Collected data

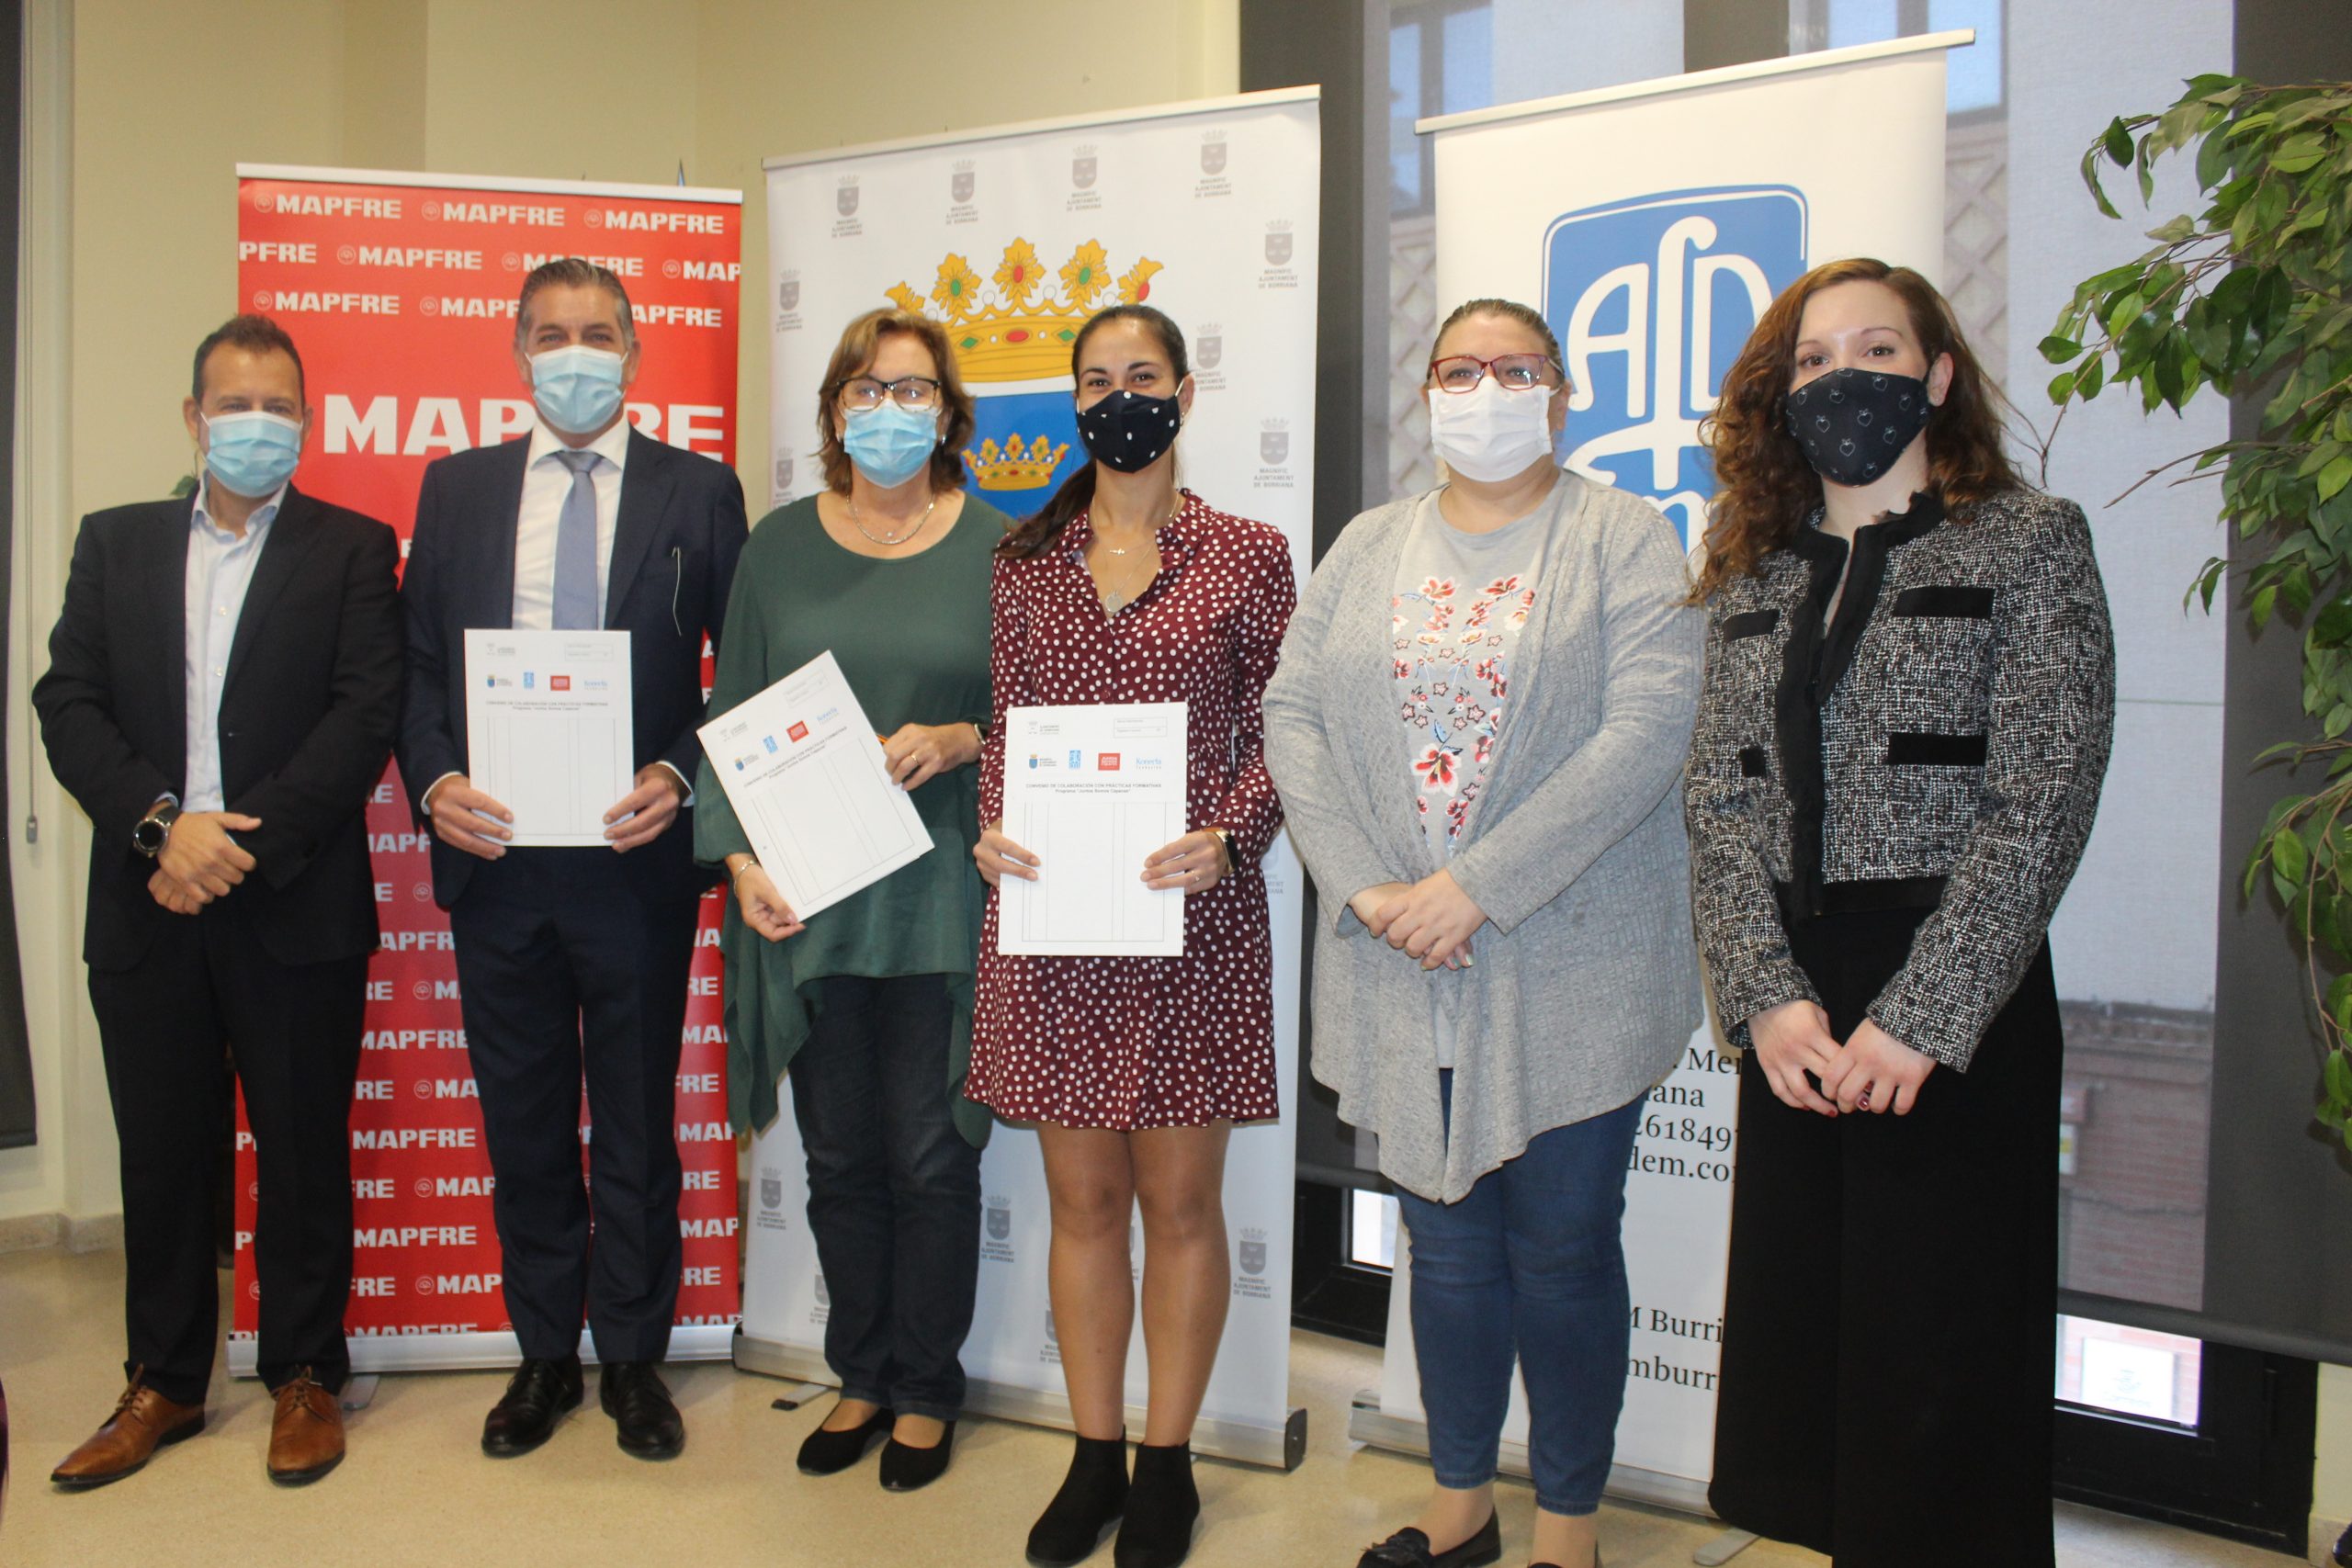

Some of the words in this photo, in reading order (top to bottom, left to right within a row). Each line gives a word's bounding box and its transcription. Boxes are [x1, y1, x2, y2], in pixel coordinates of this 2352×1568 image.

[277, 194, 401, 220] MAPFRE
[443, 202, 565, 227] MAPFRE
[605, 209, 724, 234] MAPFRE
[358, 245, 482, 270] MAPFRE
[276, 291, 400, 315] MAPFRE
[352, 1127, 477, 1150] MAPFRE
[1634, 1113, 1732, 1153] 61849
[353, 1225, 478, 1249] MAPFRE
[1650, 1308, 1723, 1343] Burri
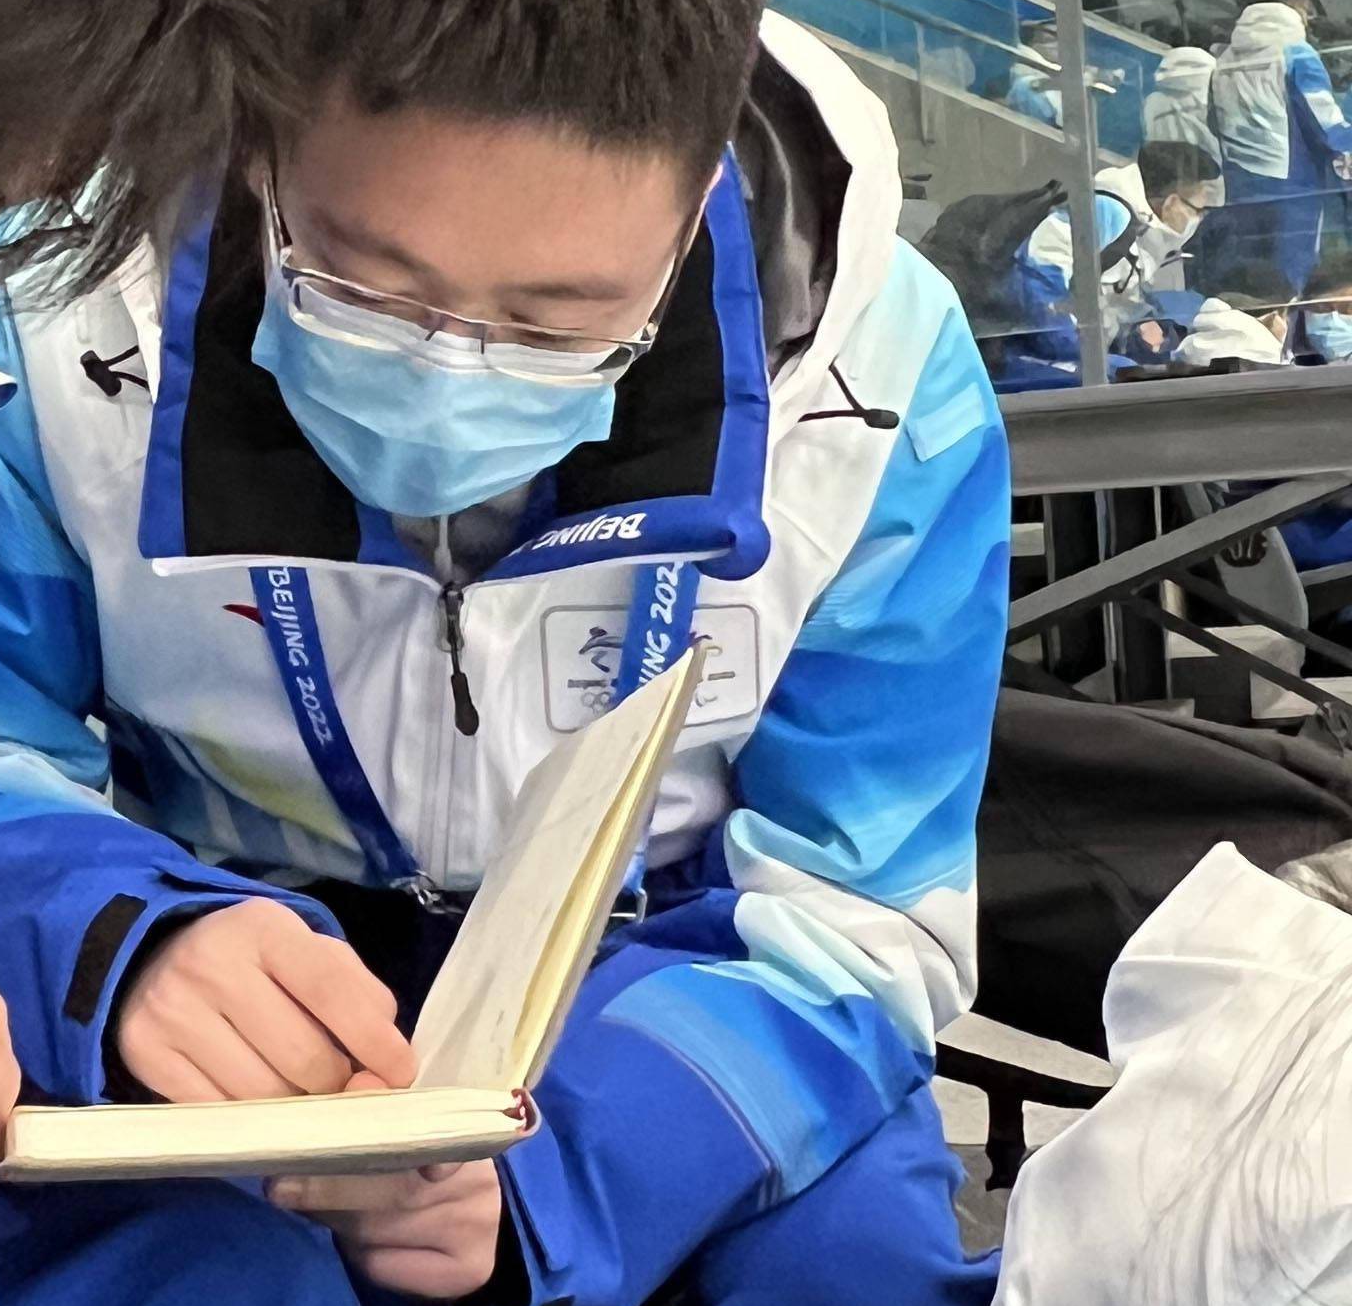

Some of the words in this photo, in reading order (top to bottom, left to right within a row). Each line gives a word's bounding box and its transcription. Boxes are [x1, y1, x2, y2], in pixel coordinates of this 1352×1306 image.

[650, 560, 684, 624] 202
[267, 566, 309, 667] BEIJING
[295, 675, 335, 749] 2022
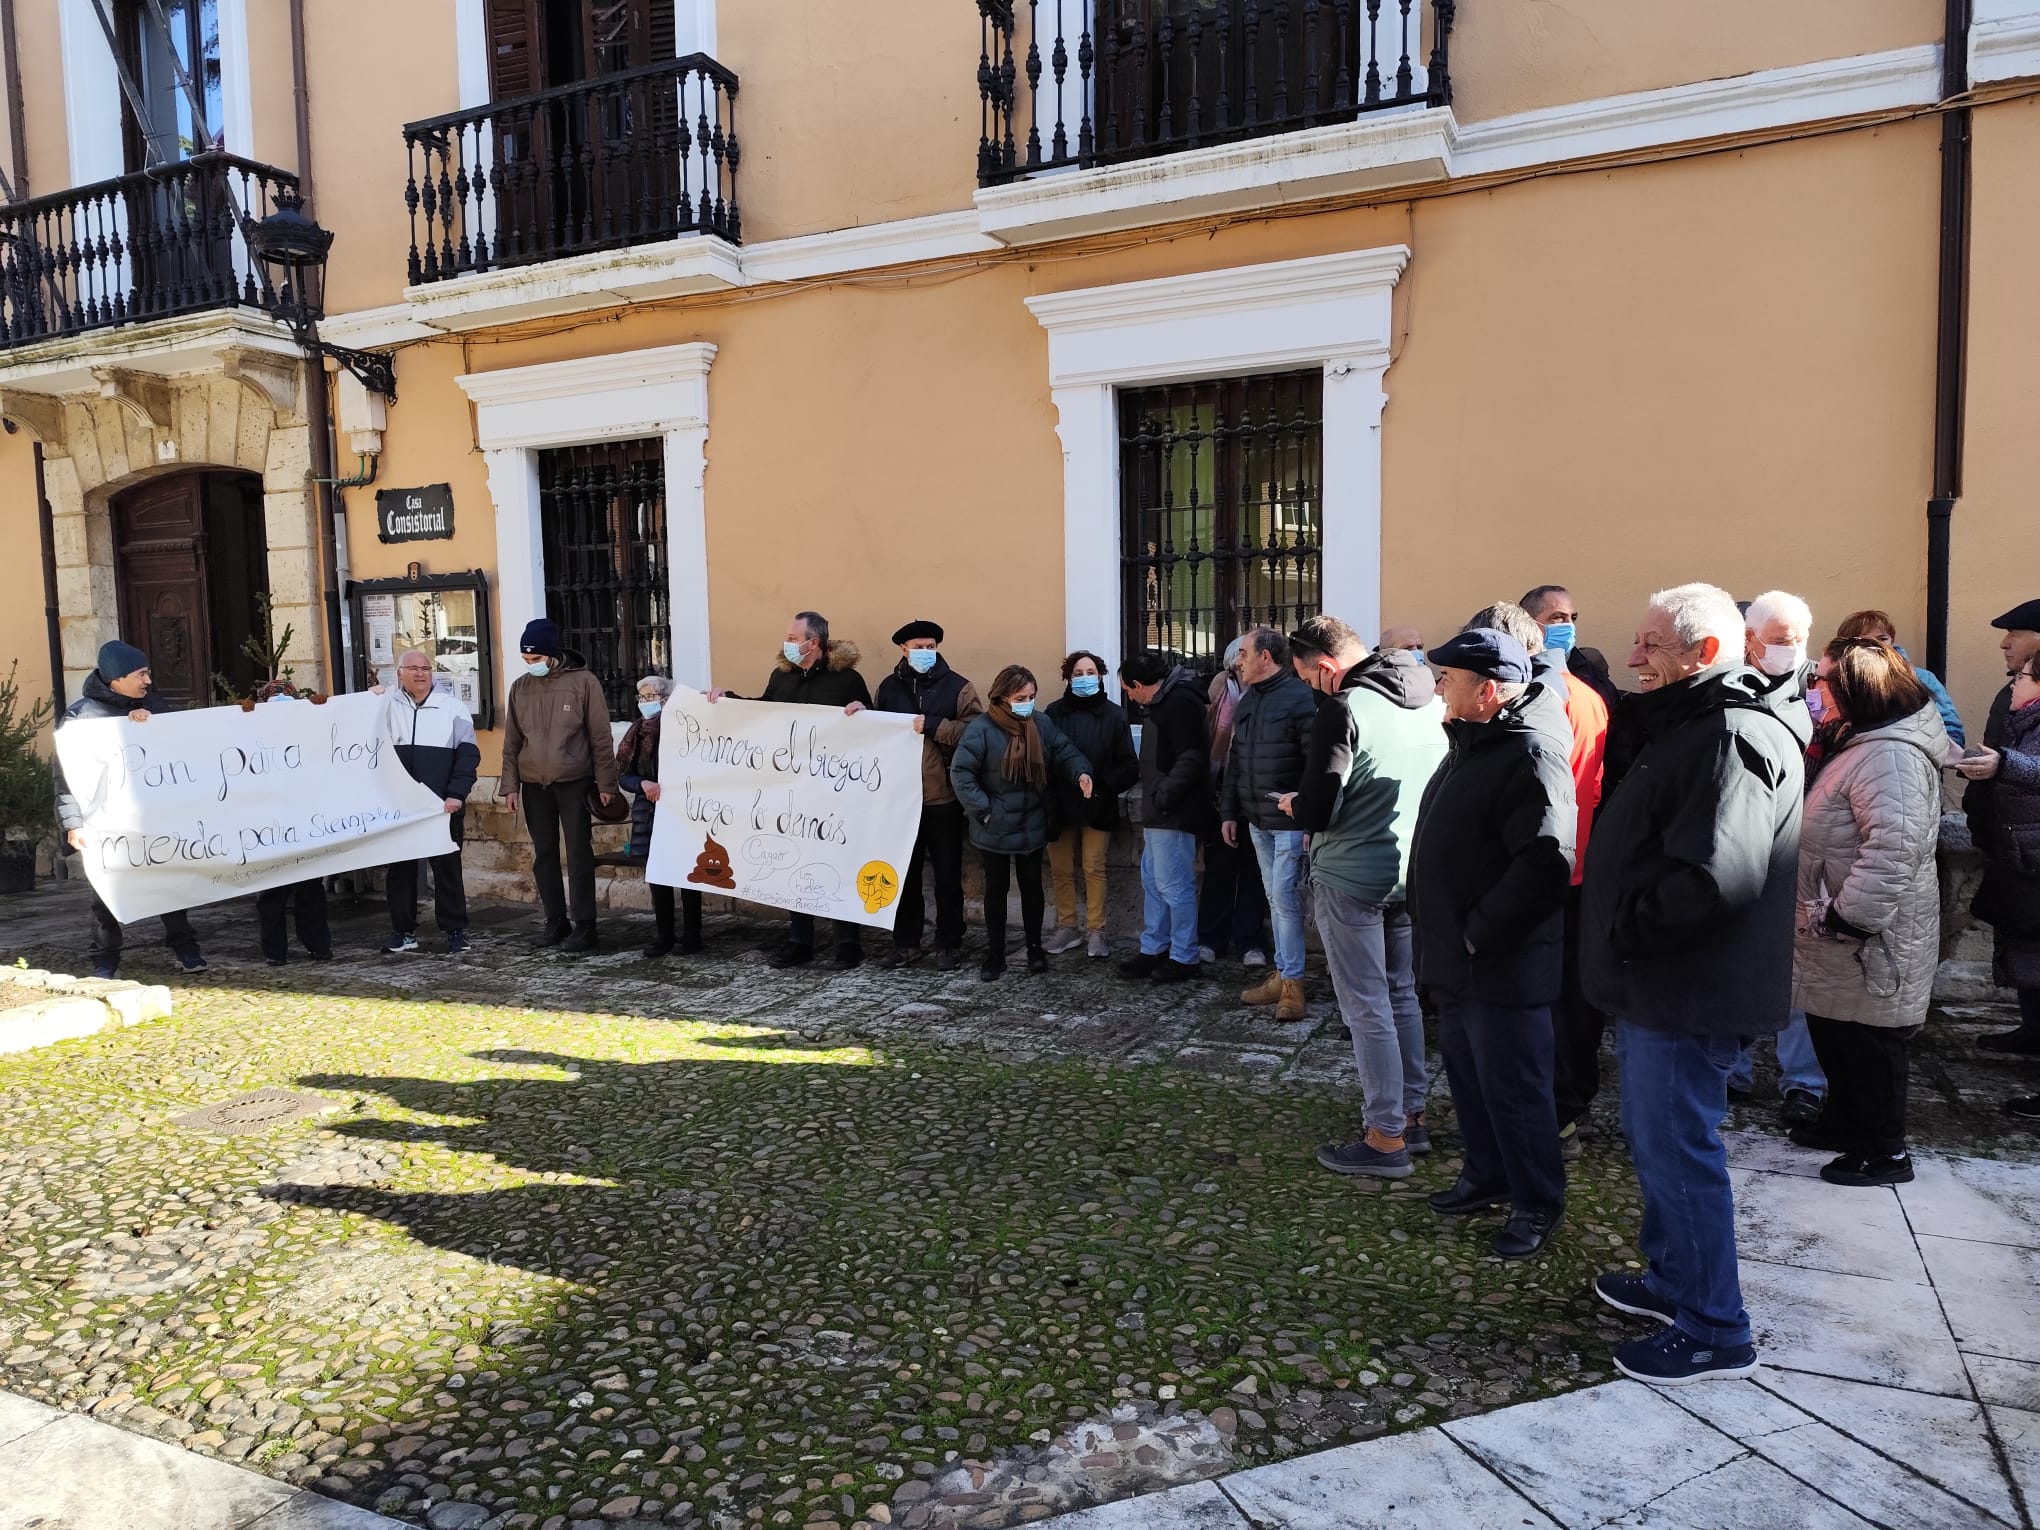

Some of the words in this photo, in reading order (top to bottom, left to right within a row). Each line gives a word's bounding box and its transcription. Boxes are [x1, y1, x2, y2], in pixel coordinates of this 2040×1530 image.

* **TASK DESCRIPTION**:
Start at the first line and set down all of the data exactly, passing over the pictures.

* **ANSWER SPACE**:
Some of the words in this photo, in reading order (top to bottom, left to right within a row). Each line gives a word's bounding box and its transcription. Boxes are [x1, y1, x2, y2], in pixel coordinates of this 2352×1568 image.

[277, 194, 401, 220] MAPFRE
[443, 202, 565, 227] MAPFRE
[605, 209, 724, 234] MAPFRE
[358, 245, 482, 270] MAPFRE
[276, 291, 400, 315] MAPFRE
[352, 1127, 477, 1150] MAPFRE
[1634, 1113, 1732, 1153] 61849
[353, 1225, 478, 1249] MAPFRE
[1650, 1308, 1723, 1343] Burri

Some of the words in this photo, in reading order (top to bottom, left to right within a row). Each line gives a word's bounding box and its transcription. Boxes are [x1, y1, x2, y2], in pixel coordinates of this 1352×1306 image.

[650, 560, 684, 624] 202
[267, 566, 309, 667] BEIJING
[295, 675, 335, 749] 2022

Some of the words in this photo, in reading order (top to bottom, left to right within a row). Each line gives a word's bounding box and its transcription. Boxes are [x1, y1, x2, y2], in pixel coordinates of this 2040×1530 image.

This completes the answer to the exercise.